After sunset K2 and I sat together on the narrow wooden table bracing the columns made of tree trunks to listen to our Bruins play the Tampa Bay Lightening. We each wore a down jacket (otherwise known as a puffy, a must-have piece of gear for backpacking in March). I unzipped the down blanket out of my North Face One sleeping bag and we both curled under it. While we listened to Tuukka and Torey shut out the Lightning on the ice, we watched a lightning storm roll closer to the Smokies. We decided to turn in at the end of the second period.
I headed to the “toilet area” – that’s right most of the shelters in the Smokies have no privies – to tinkle before crawling into my bag. Mini trails crisscross through this hill down from the shelter with some trails terminating into underbrush. I got turned around and lost my sense of direction, but I could see K2’s headlamp shining through the shelter’s polycarbonate roofing material. These Smoky Mountain shelters usually have corrugated roofs of tin and plastic. I headed that way and then… I was lost again! I could not see any light from the shelter. I could see lights from my own headlamp, from a distant town, and from the lightening storm, which seemed like it was getting closer. Then it started to sprinkle. I kept moving up hill, came to a trail, then lost it somehow, and completely missed the shelter. I came to a clearing where K2 and I had initially considered tenting. How could I be so lost and still be this close to the shelter? It stopped sprinkling, but the wind came up. After at least 20 minutes, I had to admit it.
Hello HELLO HELLOOOOO!
I’m wicked lost!
After calling for over five minutes and flashing my light, eventually I heard K2 calling back to me and saw his headlamp. I yelled at him to stay on the trail and crashed through brambles to meet him. We embraced and I burst into laughter and tears at the same time.

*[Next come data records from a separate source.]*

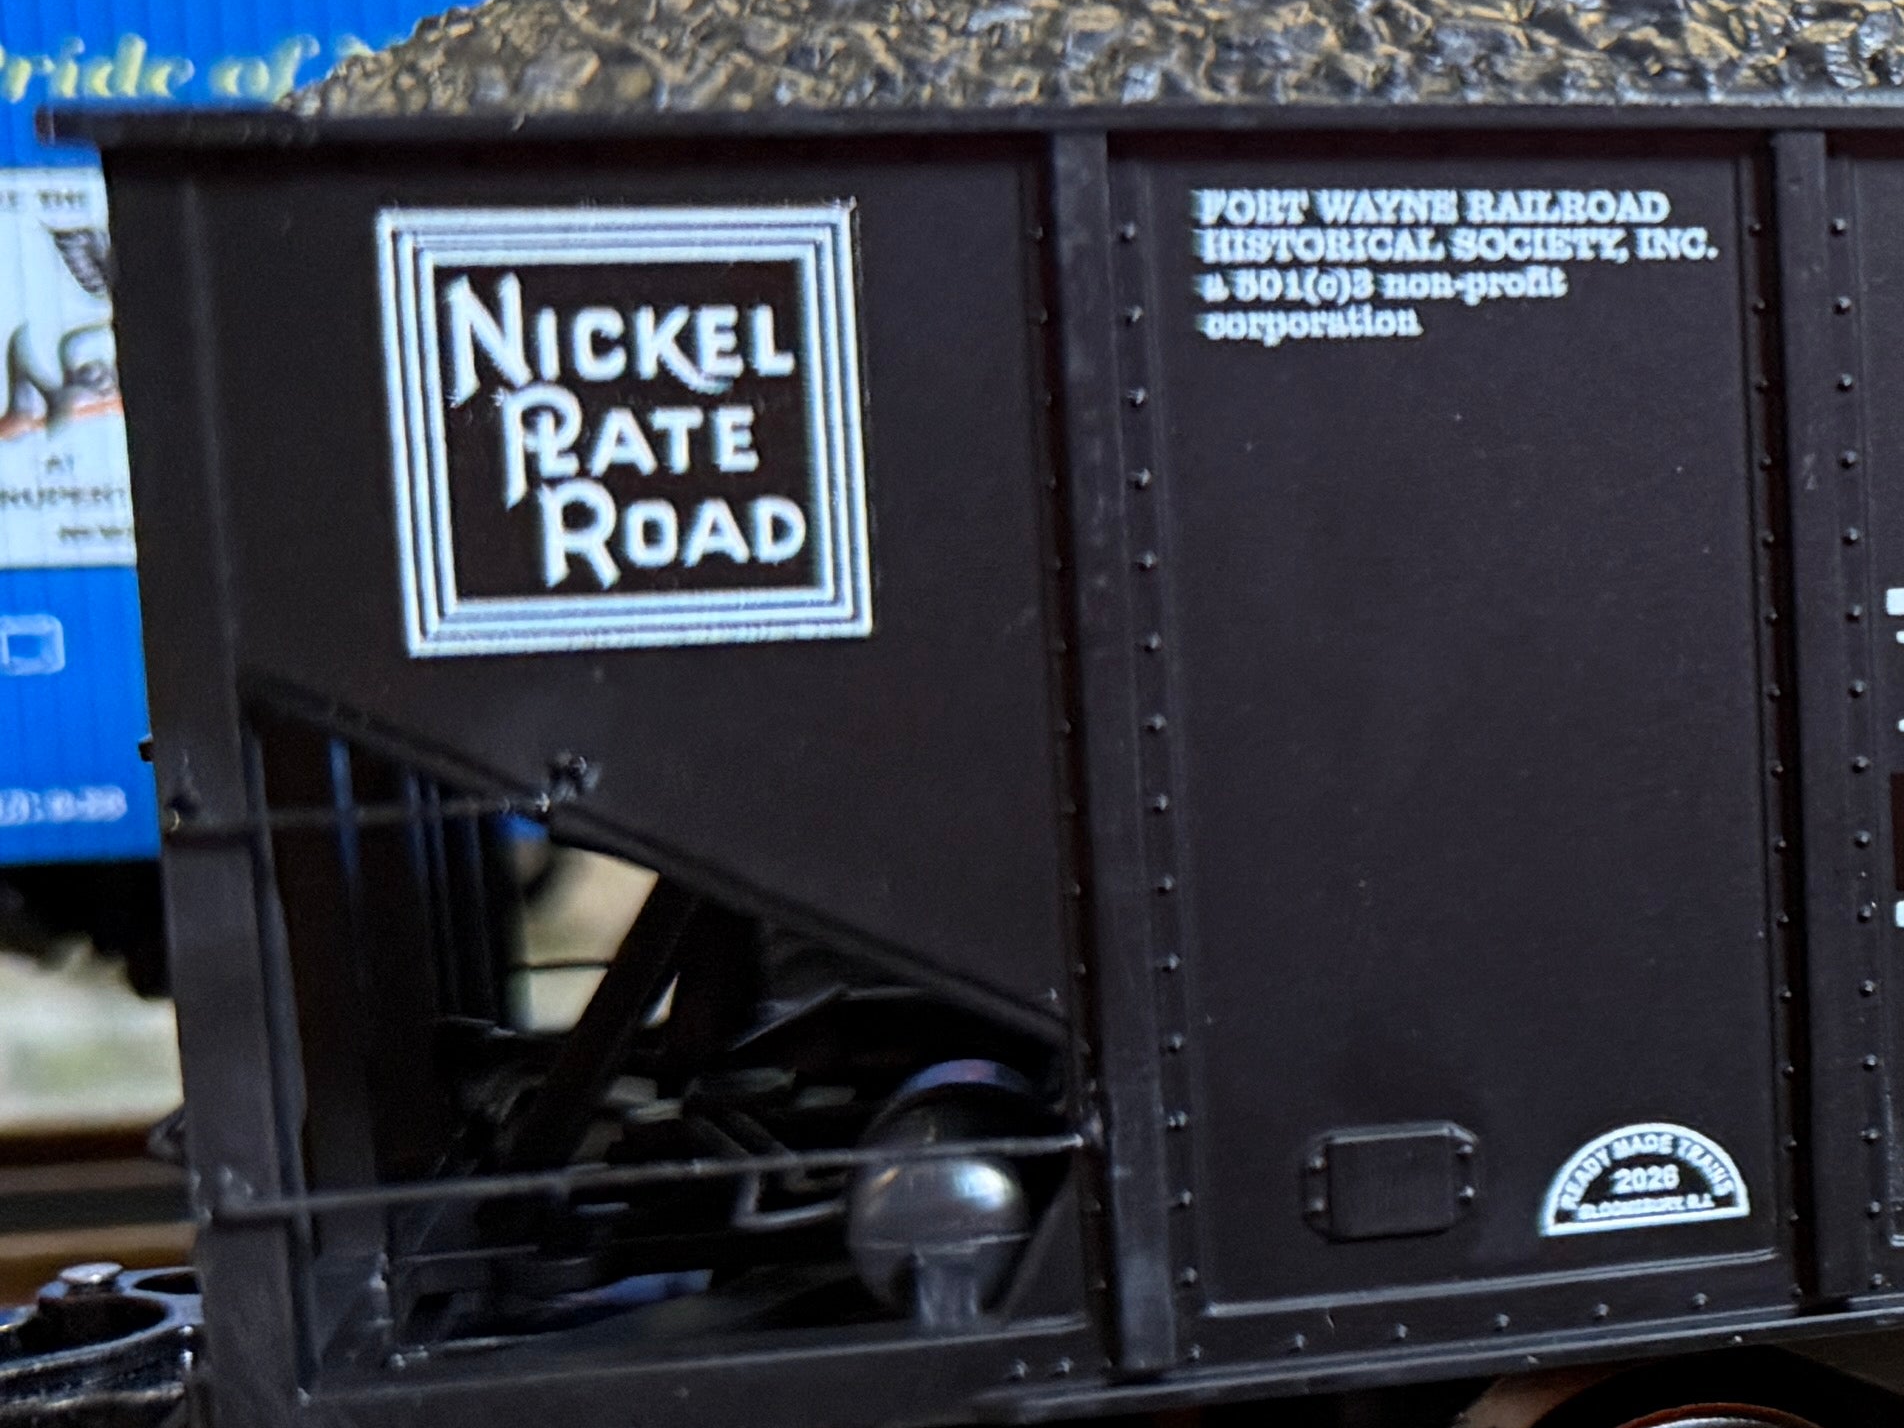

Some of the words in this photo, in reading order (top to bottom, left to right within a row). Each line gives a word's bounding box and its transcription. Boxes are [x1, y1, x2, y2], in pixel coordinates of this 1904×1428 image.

[0, 33, 195, 103] ride
[1195, 189, 1310, 225] FORT
[1315, 189, 1459, 224] WAYNE
[1464, 189, 1671, 224] RAILROAD
[1195, 227, 1446, 263] HISTORICAL
[1448, 227, 1630, 264] SOCIETY,
[1636, 227, 1718, 260] INC.
[1379, 265, 1568, 306] non-profit
[444, 272, 796, 408] NICKEL
[1197, 303, 1424, 347] corporation
[504, 380, 760, 511] PLATE
[540, 478, 807, 590] ROAD
[1612, 1133, 1674, 1160] MADE
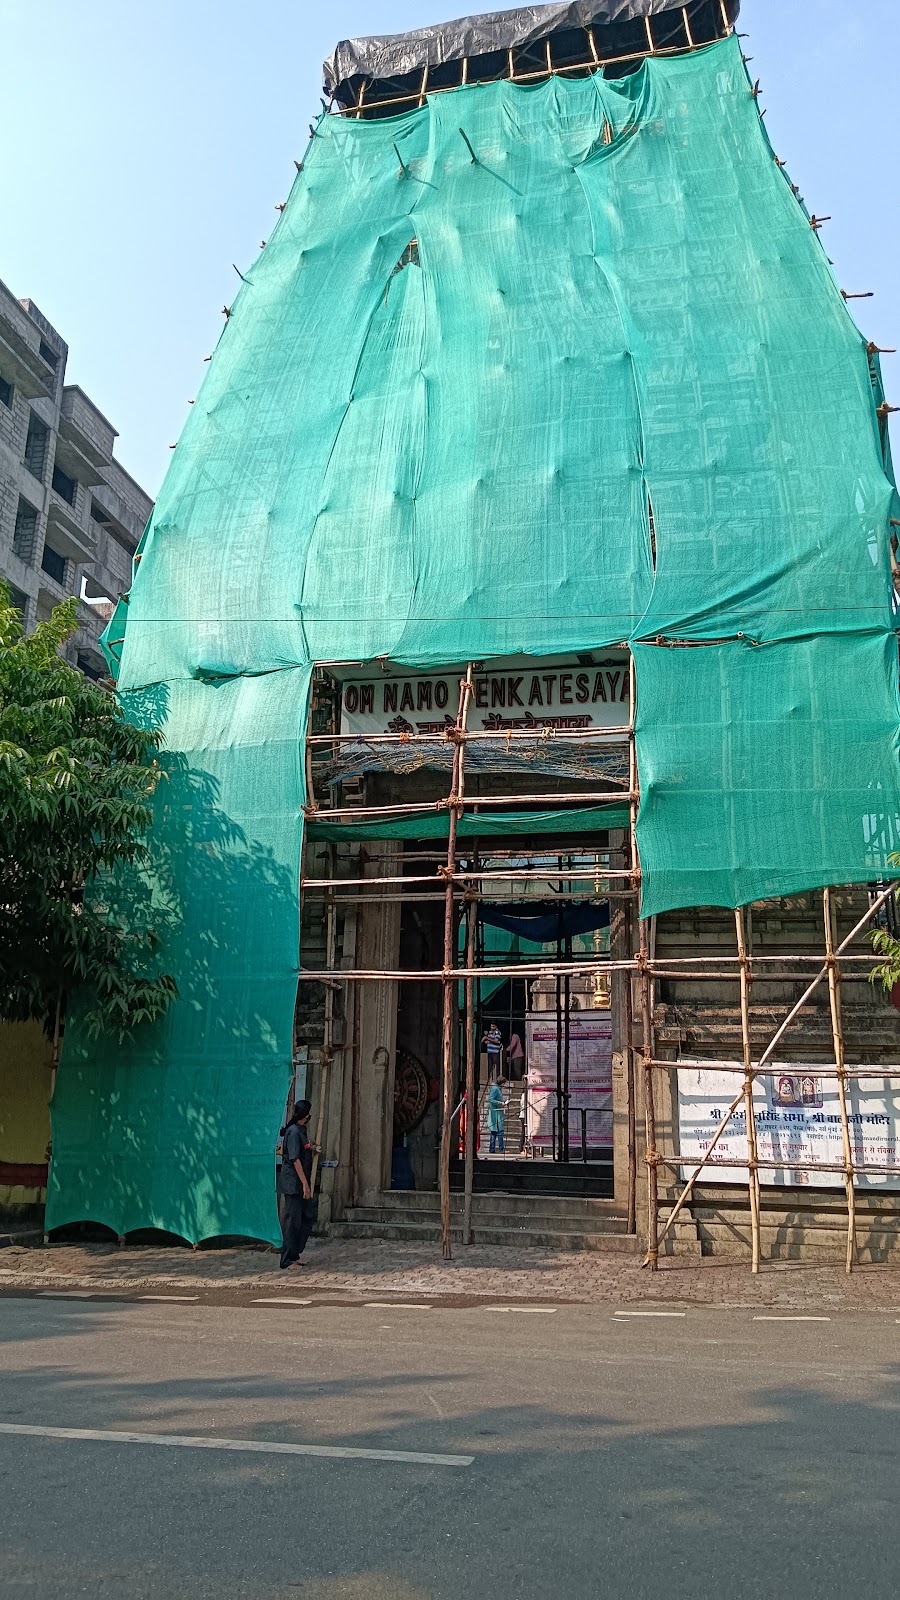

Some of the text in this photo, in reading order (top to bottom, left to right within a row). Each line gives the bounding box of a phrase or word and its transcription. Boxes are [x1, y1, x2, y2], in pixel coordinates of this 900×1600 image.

[344, 669, 631, 714] OM NAMO ENKATESAYA
[710, 1108, 721, 1119] श्री
[812, 1112, 824, 1123] श्री
[866, 1114, 891, 1125] मंदिर
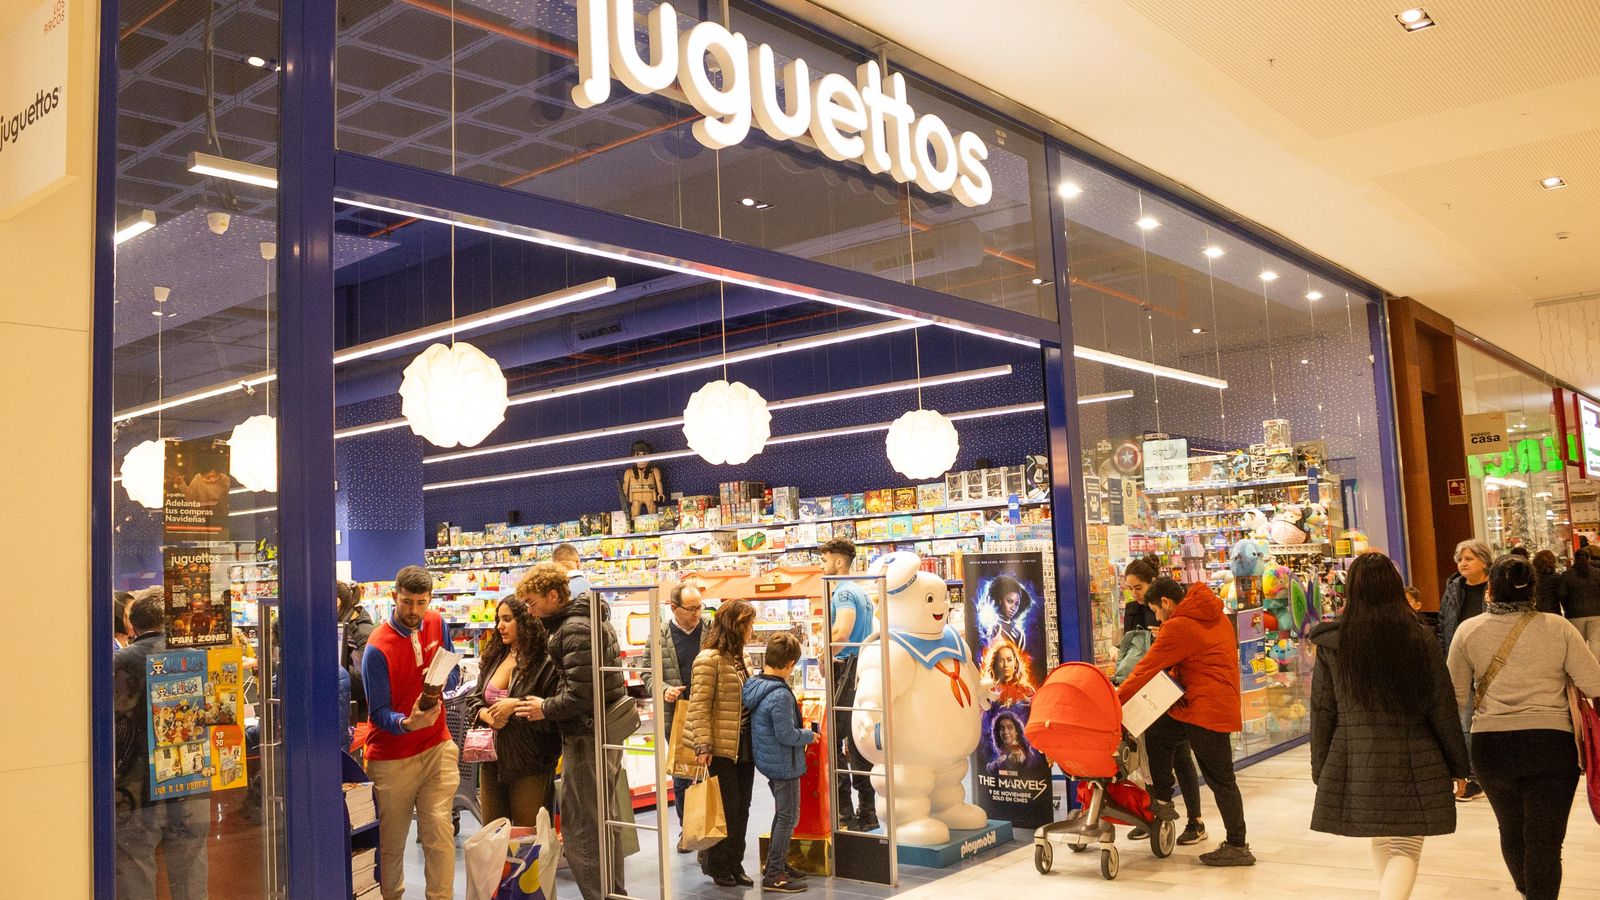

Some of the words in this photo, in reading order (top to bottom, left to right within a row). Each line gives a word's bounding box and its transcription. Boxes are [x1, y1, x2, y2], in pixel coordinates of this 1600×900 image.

[43, 10, 65, 36] ARCOS
[571, 0, 993, 208] juguettos
[1471, 434, 1501, 444] casa
[165, 499, 201, 508] Adelanta
[165, 515, 206, 523] Navideñas
[170, 553, 222, 567] juguettos
[978, 775, 995, 787] THE
[998, 778, 1048, 800] MARVELS
[961, 831, 996, 858] playmobil
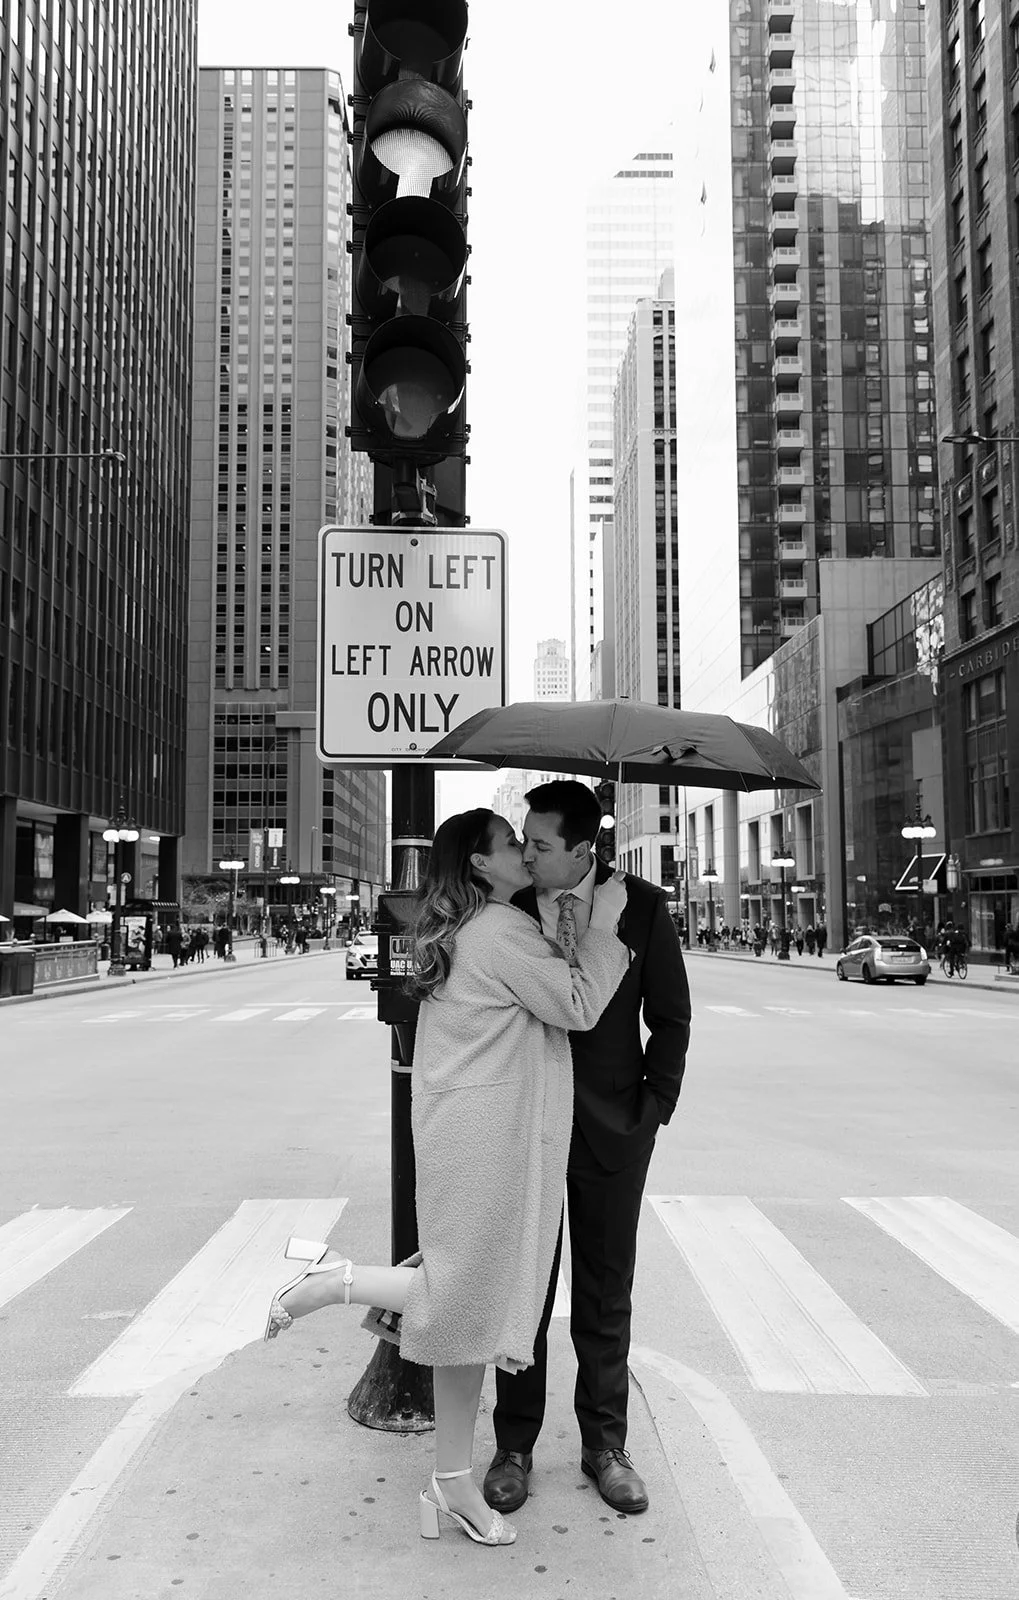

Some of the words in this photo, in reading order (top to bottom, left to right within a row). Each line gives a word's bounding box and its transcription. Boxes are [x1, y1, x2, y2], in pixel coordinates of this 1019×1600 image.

[332, 553, 403, 588] TURN
[429, 555, 495, 589] LEFT
[396, 601, 432, 632] ON
[332, 645, 391, 675] LEFT
[410, 646, 493, 677] ARROW
[368, 692, 460, 732] ONLY

“It was a rescue not a recovery.” – K2 announced to the honeymooners once we made it back to Russell Field
Not twenty minutes after finally tucking into my bag, the storm came over us. Lots of lightning and thunder with hard driving rain. Then the soundtrack changed from storm to freight train. Nickel-sized hail. We screamed to gauge how loud the storm was. We couldn’t hear ourselves against that din.
The storm passed after about forty-five minutes, but I stayed awake fueled from adrenaline of the unplanned night hike and the unexpected hail.